In the entries below, the line with "this 1900×1069 image." marks the start. Return it and every following line exactly, ending with the last.

• **THE RECORDS**
_____
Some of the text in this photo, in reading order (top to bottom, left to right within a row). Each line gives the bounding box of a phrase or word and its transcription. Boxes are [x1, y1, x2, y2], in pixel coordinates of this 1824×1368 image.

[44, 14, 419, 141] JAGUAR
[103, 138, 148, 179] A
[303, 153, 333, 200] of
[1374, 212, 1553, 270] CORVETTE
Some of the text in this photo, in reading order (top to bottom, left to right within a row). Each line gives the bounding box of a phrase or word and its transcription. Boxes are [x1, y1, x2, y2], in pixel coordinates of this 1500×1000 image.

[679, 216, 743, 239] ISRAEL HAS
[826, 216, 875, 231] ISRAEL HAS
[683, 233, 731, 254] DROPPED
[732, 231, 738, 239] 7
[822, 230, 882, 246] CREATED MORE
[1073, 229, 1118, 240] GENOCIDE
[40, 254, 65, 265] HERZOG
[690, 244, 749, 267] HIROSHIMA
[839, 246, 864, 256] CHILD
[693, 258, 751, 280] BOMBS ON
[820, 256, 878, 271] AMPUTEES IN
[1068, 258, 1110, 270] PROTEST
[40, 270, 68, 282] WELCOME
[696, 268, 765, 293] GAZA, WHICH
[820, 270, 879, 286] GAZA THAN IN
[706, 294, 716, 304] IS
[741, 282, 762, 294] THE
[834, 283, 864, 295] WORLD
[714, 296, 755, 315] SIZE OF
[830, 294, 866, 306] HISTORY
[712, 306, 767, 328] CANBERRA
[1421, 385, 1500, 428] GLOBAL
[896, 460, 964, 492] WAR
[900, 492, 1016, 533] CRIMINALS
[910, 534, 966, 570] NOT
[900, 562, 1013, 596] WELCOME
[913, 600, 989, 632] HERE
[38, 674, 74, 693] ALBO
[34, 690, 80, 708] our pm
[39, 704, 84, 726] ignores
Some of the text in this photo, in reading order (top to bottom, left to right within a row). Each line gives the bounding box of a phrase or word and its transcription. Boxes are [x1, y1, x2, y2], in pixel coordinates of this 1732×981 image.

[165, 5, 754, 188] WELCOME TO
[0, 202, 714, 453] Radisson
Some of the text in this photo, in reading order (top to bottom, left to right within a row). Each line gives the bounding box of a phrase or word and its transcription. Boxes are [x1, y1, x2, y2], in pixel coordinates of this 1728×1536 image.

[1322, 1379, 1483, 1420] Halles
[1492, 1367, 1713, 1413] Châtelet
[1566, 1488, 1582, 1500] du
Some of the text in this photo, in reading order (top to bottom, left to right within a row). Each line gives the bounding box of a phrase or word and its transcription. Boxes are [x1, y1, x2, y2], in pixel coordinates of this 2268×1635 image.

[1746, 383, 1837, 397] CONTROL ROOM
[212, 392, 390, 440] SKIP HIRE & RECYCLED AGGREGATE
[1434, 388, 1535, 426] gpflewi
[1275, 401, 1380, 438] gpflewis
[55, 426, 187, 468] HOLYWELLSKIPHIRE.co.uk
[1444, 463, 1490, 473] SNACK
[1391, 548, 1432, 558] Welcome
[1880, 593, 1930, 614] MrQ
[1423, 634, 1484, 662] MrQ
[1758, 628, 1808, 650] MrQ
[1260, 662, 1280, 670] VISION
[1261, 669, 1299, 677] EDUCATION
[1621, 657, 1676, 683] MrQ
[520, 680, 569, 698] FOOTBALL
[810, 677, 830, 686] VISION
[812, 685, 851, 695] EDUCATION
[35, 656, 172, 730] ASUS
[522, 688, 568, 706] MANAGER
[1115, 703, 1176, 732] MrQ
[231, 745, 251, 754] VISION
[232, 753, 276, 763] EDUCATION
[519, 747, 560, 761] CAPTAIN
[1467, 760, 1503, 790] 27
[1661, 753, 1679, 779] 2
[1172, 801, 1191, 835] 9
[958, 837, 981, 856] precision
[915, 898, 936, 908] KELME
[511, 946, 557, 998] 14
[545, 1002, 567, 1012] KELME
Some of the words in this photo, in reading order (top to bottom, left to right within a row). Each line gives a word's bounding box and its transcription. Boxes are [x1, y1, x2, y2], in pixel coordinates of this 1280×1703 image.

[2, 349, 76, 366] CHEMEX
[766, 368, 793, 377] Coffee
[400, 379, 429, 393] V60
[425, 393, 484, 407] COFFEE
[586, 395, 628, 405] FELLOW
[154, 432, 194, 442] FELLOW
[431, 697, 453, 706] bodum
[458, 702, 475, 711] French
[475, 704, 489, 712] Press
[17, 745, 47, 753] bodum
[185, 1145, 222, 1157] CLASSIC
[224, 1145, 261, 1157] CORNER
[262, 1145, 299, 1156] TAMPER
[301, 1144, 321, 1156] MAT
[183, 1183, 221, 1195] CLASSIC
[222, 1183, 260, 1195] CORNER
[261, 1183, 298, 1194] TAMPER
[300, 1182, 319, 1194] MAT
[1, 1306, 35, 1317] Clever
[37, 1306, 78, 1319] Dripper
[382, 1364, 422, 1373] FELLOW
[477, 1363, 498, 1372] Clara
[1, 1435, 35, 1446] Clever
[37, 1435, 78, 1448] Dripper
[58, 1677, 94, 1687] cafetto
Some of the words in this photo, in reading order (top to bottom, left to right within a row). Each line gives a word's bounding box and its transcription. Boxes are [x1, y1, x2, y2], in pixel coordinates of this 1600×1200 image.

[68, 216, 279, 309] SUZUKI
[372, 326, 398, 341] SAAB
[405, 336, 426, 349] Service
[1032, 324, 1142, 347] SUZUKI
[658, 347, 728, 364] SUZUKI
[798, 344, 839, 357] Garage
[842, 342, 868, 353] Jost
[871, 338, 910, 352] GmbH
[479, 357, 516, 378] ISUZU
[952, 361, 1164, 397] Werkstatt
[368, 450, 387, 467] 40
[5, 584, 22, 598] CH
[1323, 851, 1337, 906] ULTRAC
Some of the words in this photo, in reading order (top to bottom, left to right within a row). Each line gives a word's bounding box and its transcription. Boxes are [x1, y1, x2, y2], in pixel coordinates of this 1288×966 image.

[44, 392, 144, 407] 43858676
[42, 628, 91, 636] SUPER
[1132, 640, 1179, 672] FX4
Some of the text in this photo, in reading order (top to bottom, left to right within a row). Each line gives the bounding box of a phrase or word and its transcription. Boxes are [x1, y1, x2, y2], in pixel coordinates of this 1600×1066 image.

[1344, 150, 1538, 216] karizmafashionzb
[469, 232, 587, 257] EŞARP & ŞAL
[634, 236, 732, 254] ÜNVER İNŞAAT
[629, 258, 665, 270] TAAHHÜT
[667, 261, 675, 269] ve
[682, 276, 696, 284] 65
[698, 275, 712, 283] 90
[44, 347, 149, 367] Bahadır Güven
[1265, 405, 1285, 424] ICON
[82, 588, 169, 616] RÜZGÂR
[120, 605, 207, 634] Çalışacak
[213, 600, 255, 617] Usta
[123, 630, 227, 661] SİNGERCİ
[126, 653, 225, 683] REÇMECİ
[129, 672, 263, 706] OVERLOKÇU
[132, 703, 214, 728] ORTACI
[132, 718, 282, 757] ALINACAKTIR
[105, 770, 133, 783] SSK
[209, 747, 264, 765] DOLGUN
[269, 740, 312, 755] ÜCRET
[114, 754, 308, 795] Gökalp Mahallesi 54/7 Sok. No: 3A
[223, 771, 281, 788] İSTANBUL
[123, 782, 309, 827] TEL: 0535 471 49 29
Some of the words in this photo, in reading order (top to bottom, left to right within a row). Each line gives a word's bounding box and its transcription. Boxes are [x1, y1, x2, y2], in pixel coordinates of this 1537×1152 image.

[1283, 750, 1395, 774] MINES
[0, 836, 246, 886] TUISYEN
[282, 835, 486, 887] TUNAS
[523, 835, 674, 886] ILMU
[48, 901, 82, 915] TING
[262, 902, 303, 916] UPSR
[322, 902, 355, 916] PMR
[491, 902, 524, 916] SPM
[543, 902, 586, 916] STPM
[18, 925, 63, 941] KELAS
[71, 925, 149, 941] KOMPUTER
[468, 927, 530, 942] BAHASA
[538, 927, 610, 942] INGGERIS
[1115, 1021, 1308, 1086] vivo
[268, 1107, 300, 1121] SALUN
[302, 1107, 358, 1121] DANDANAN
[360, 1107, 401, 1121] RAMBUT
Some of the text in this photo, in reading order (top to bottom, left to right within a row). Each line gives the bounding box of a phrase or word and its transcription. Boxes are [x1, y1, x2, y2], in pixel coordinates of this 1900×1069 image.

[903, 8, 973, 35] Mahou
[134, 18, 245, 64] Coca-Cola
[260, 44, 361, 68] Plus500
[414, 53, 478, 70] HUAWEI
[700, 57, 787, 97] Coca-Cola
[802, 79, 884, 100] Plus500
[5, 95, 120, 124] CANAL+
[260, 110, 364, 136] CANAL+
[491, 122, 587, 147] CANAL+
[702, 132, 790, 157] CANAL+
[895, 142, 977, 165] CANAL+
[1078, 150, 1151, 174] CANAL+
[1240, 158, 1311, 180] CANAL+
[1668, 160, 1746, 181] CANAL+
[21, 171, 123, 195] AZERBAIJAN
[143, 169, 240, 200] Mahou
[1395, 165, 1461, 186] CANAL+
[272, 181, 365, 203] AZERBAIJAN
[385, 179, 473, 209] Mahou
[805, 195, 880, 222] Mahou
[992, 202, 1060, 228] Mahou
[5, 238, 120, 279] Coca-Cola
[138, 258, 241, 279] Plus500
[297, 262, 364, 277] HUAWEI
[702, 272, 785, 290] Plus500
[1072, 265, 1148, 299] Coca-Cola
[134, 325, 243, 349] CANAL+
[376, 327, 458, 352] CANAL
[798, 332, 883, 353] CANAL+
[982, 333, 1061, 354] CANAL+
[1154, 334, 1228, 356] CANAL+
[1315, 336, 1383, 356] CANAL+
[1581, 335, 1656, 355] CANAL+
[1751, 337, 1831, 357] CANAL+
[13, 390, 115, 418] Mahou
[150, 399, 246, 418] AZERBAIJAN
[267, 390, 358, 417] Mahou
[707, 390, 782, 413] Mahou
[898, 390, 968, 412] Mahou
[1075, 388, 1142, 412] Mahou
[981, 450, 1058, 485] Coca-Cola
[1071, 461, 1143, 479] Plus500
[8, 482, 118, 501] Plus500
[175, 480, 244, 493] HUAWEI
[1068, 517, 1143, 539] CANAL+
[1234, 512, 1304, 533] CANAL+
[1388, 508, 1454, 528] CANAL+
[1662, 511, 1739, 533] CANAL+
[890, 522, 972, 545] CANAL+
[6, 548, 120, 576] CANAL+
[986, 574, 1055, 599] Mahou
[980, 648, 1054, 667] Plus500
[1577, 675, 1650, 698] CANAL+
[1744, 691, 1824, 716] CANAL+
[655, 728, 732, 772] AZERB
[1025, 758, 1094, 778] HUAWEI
_____
• **RESULT FOR THIS TASK**
Some of the text in this photo, in reading order (top to bottom, left to right within a row). Each line gives the bounding box of a phrase or word and its transcription. Boxes are [x1, y1, x2, y2], in pixel coordinates of this 1900×1069 image.

[903, 8, 973, 35] Mahou
[134, 18, 245, 64] Coca-Cola
[260, 44, 361, 68] Plus500
[414, 53, 478, 70] HUAWEI
[700, 57, 787, 97] Coca-Cola
[802, 79, 884, 100] Plus500
[5, 95, 120, 124] CANAL+
[260, 110, 364, 136] CANAL+
[491, 122, 587, 147] CANAL+
[702, 132, 790, 157] CANAL+
[895, 142, 977, 165] CANAL+
[1078, 150, 1151, 174] CANAL+
[1240, 158, 1311, 180] CANAL+
[1668, 160, 1746, 181] CANAL+
[21, 171, 123, 195] AZERBAIJAN
[143, 169, 240, 200] Mahou
[1395, 165, 1461, 186] CANAL+
[272, 181, 365, 203] AZERBAIJAN
[385, 179, 473, 209] Mahou
[805, 195, 880, 222] Mahou
[992, 202, 1060, 228] Mahou
[5, 238, 120, 279] Coca-Cola
[138, 258, 241, 279] Plus500
[297, 262, 364, 277] HUAWEI
[702, 272, 785, 290] Plus500
[1072, 265, 1148, 299] Coca-Cola
[134, 325, 243, 349] CANAL+
[376, 327, 458, 352] CANAL
[798, 332, 883, 353] CANAL+
[982, 333, 1061, 354] CANAL+
[1154, 334, 1228, 356] CANAL+
[1315, 336, 1383, 356] CANAL+
[1581, 335, 1656, 355] CANAL+
[1751, 337, 1831, 357] CANAL+
[13, 390, 115, 418] Mahou
[150, 399, 246, 418] AZERBAIJAN
[267, 390, 358, 417] Mahou
[707, 390, 782, 413] Mahou
[898, 390, 968, 412] Mahou
[1075, 388, 1142, 412] Mahou
[981, 450, 1058, 485] Coca-Cola
[1071, 461, 1143, 479] Plus500
[8, 482, 118, 501] Plus500
[175, 480, 244, 493] HUAWEI
[1068, 517, 1143, 539] CANAL+
[1234, 512, 1304, 533] CANAL+
[1388, 508, 1454, 528] CANAL+
[1662, 511, 1739, 533] CANAL+
[890, 522, 972, 545] CANAL+
[6, 548, 120, 576] CANAL+
[986, 574, 1055, 599] Mahou
[980, 648, 1054, 667] Plus500
[1577, 675, 1650, 698] CANAL+
[1744, 691, 1824, 716] CANAL+
[655, 728, 732, 772] AZERB
[1025, 758, 1094, 778] HUAWEI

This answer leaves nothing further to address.